George Franklin is the author of four books of poetry, Noise of the World (Sheila-Na-Gig Editions), Traveling for No Good Reason (Sheila-Na-Gig Editions), Among the Ruins / Entre las ruinas (Katakana Editores), and Travels of the Angel of Sorrow (Blue Cedar Press) and is also the co-translator, along with the author, of Ximena Gómez’s Último día/Last Day (Katakana Editores).  He teaches poetry in Florida state prisons and works as an attorney in Miami. 

A poem for me usually starts with a line or a phrase. I may be rinsing off dishes in the sink or walking the dog, but I catch some words that go by very quickly. Maybe those words will be the first line of a draft, maybe the title, or maybe they’ll become unimportant upon sitting down to write. But, that’s how it starts. The next step is as I write the first couple of lines. What does the poem want to be? Is that first line iambic pentameter, one of my standby syllabic lines, or something more Whitmanesque running right across the page. Early in the poem’s making, it shows me what it wants. This is not to say that I know where the poem is going, or if it will go anywhere. That gets worked out in the writing.

I know by now that if I’ve been reading about some topic or person, that subject may well enter the poem. It’s an investigative process. I don’t usually have a topic in mind, unless something has been looming quite large for me. This business of poetry is mostly a question of listening to what I’m feeling and thinking, being aware of the things that are important. Somewhere Frost talks about proceeding by indirection. (I hope I’m recalling this correctly.) That’s the way I think it works for a lot of us when we write.

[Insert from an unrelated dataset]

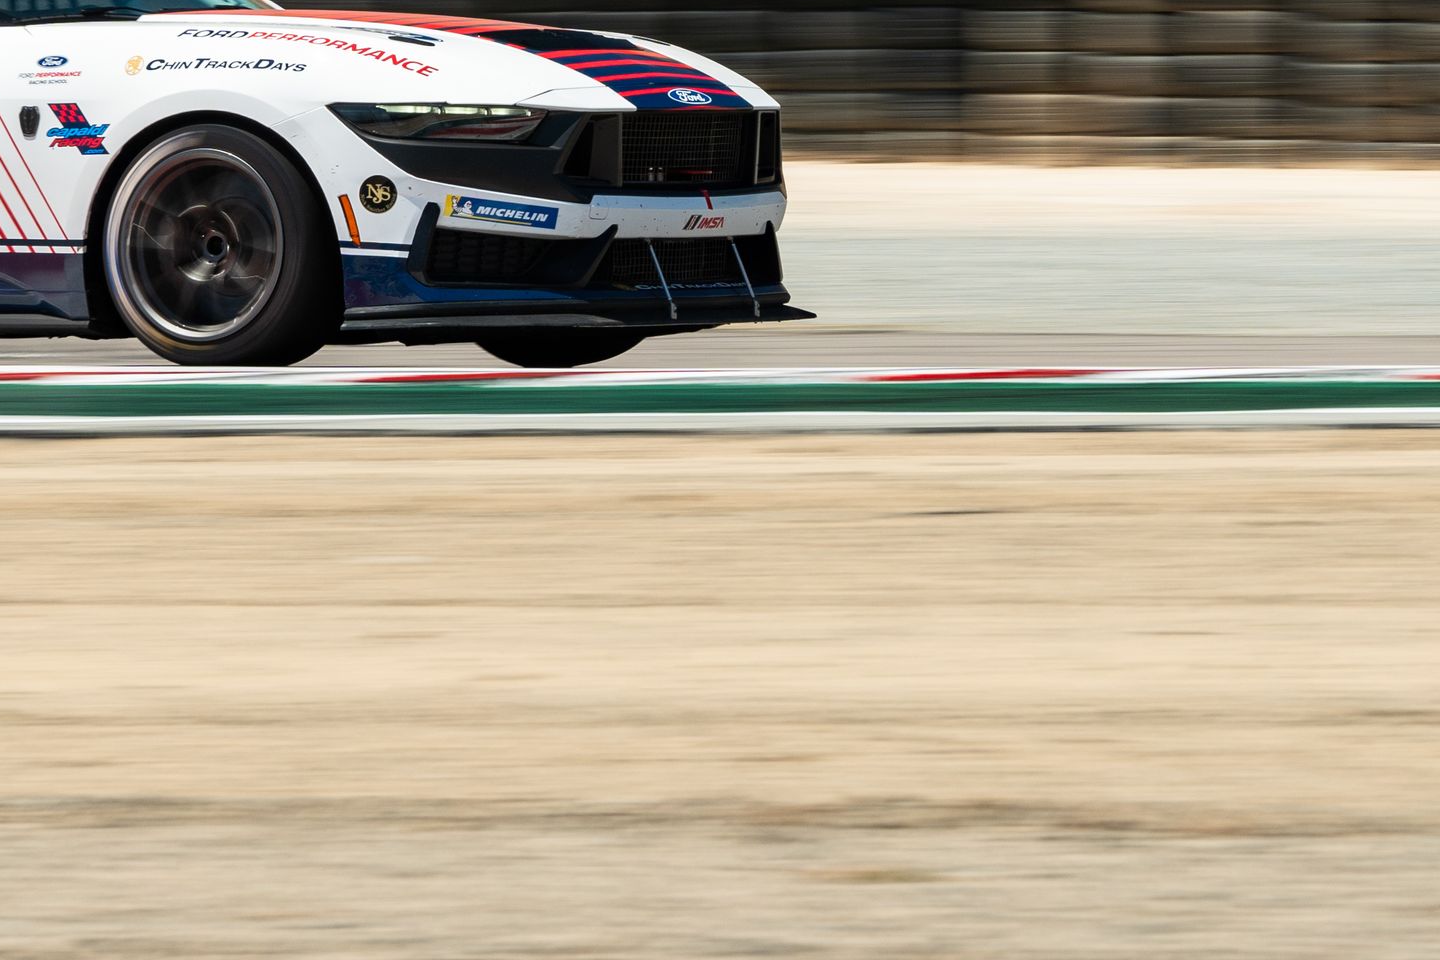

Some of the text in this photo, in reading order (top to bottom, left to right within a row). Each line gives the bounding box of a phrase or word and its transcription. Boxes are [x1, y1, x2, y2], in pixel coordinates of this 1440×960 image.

[675, 90, 706, 103] Ford
[49, 136, 105, 148] racing
[475, 205, 549, 222] MICHELIN

During the pandemic lockdown, I had an unusual experience. I was writing a persona poem, a man watching his wife die of plague in some earlier time (not exactly an unexpected topic), and all of a sudden, this character comes into the poem, “the angel of sorrow,” who hangs out at the tavern and will buy the speaker a drink. No idea where he came from. But, that was the beginning of a narrative sequence that became my chapbook, Travels of the Angel of Sorrow. For a while, I was writing one of those poems every day, once even twice in one day. It was almost as though I were taking dictation. I made virtually no conscious judgments about form and very few edits. Occasionally, the angel will still show up. His poems are as inexplicable to me as ever.